= What is expected =
Return the data exactly, apart from leaving out the pictures.

= Listed entries =
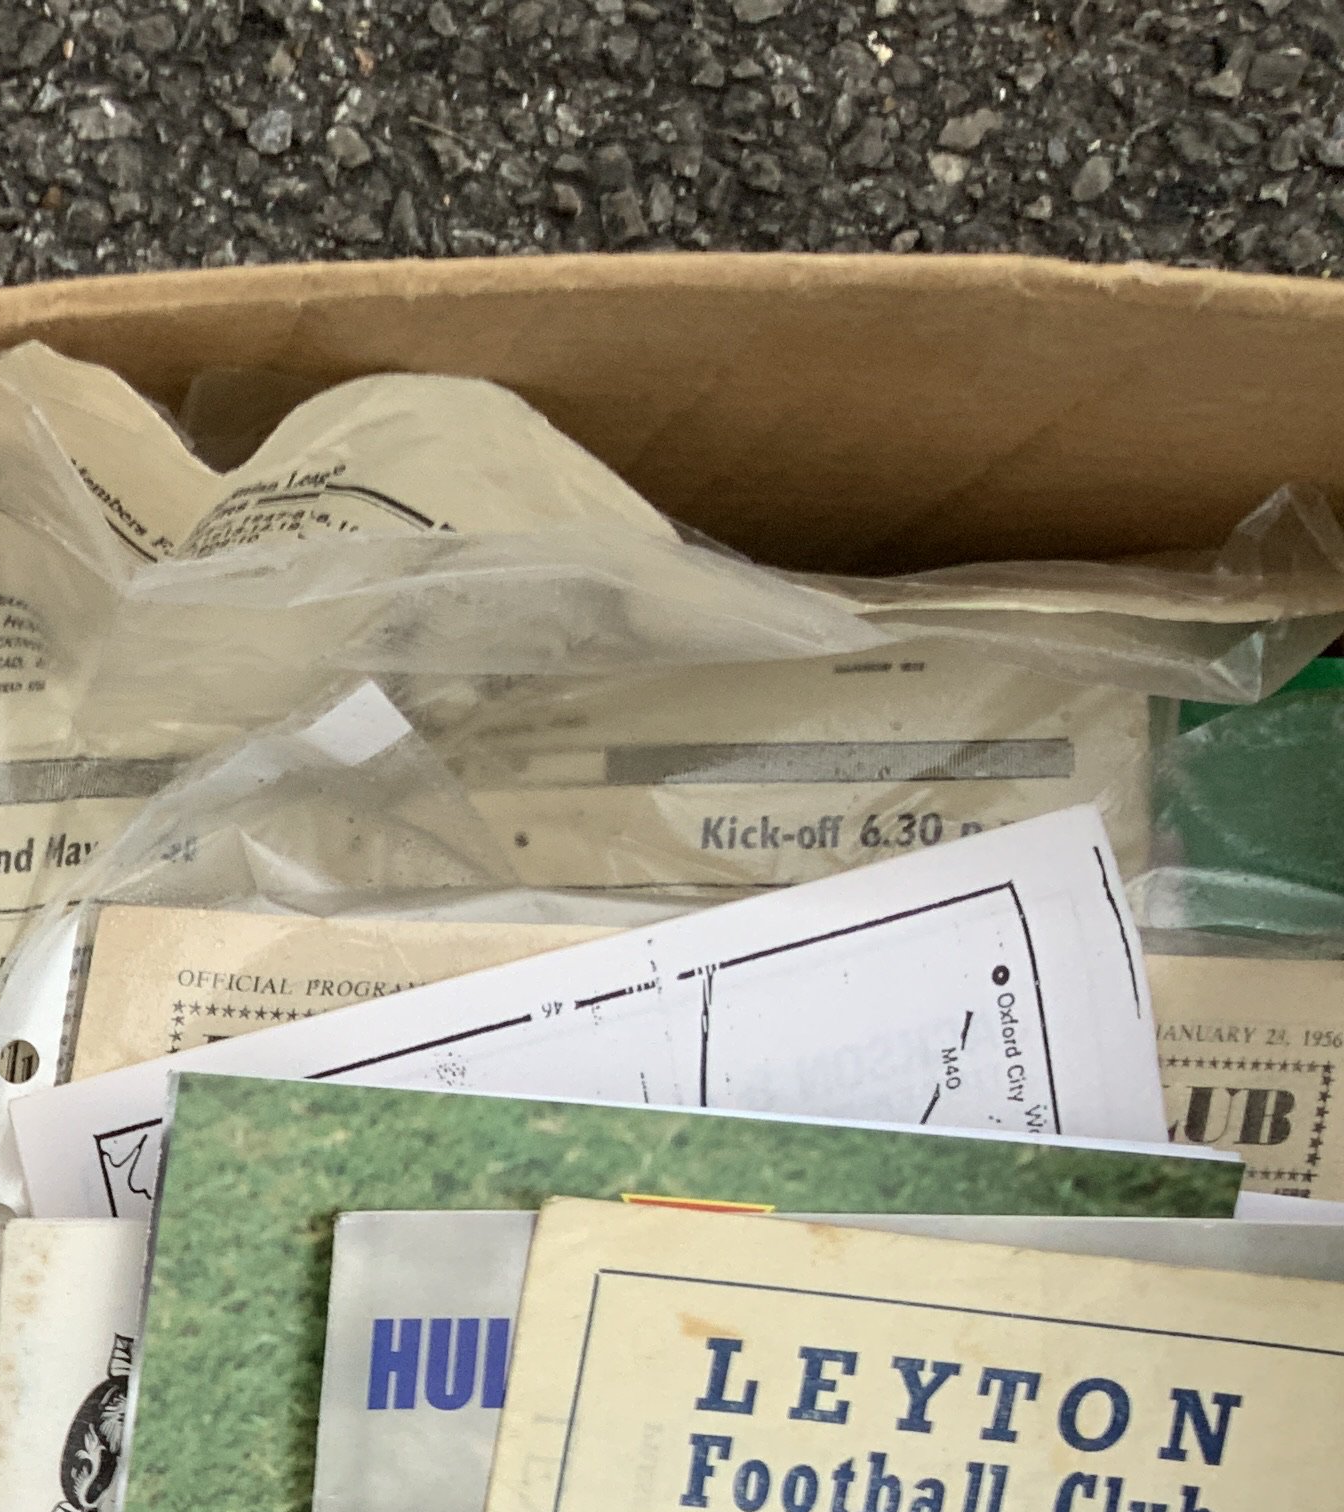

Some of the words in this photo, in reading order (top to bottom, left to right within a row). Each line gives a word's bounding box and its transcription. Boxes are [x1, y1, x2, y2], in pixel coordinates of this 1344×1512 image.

[700, 814, 842, 849] Kick-off
[859, 812, 944, 848] 6.30
[177, 969, 293, 996] OFFICIAL
[997, 992, 1022, 1062] Oxford
[1303, 1030, 1343, 1049] 1956
[942, 1047, 961, 1091] M40
[1006, 1065, 1026, 1104] City
[1168, 1085, 1297, 1147] UB
[695, 1338, 1244, 1468] LEYTON
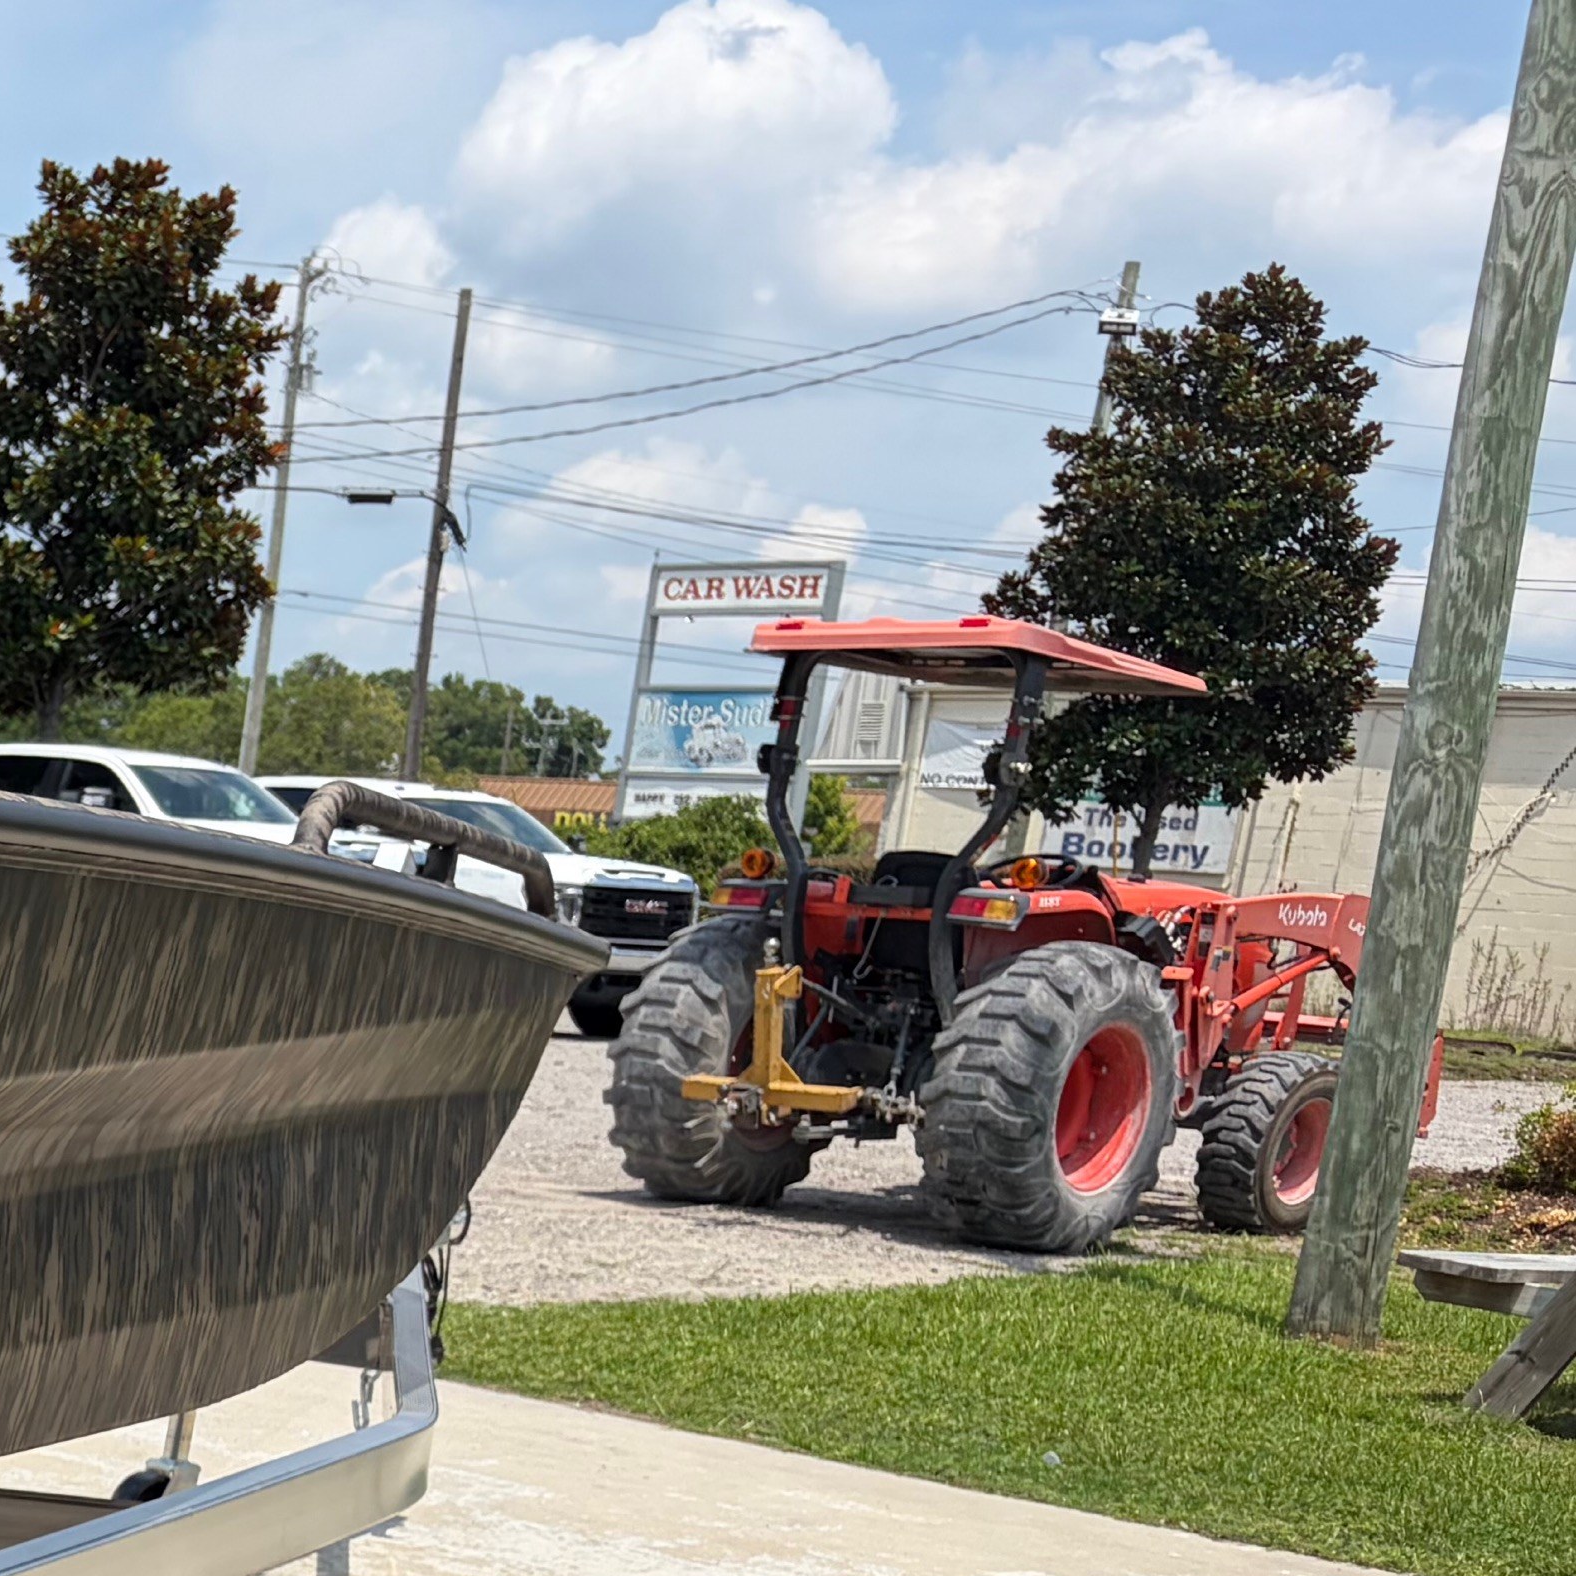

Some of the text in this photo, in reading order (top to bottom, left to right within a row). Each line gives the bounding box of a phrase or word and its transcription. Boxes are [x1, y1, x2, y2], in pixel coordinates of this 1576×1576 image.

[663, 573, 824, 601] CAR WASH
[643, 697, 715, 727] Mister
[1061, 831, 1210, 870] Booery
[1278, 902, 1328, 927] Kubota

= Expected answer =
Some of the words in this photo, in reading order (top to bottom, left to right within a row). Each line gives a word's bounding box and its transcription. Boxes are [x1, y1, x2, y2], in pixel coordinates of this 1344×1512 image.

[700, 814, 842, 849] Kick-off
[859, 812, 944, 848] 6.30
[177, 969, 293, 996] OFFICIAL
[997, 992, 1022, 1062] Oxford
[1303, 1030, 1343, 1049] 1956
[942, 1047, 961, 1091] M40
[1006, 1065, 1026, 1104] City
[1168, 1085, 1297, 1147] UB
[695, 1338, 1244, 1468] LEYTON

Some of the text in this photo, in reading order (top to bottom, left to right within a row). Each line gives the bounding box of a phrase or word and its transcription. Boxes are [x1, y1, x2, y2], in pixel coordinates of this 1576×1576 image.

[663, 573, 824, 601] CAR WASH
[643, 697, 715, 727] Mister
[1061, 831, 1210, 870] Booery
[1278, 902, 1328, 927] Kubota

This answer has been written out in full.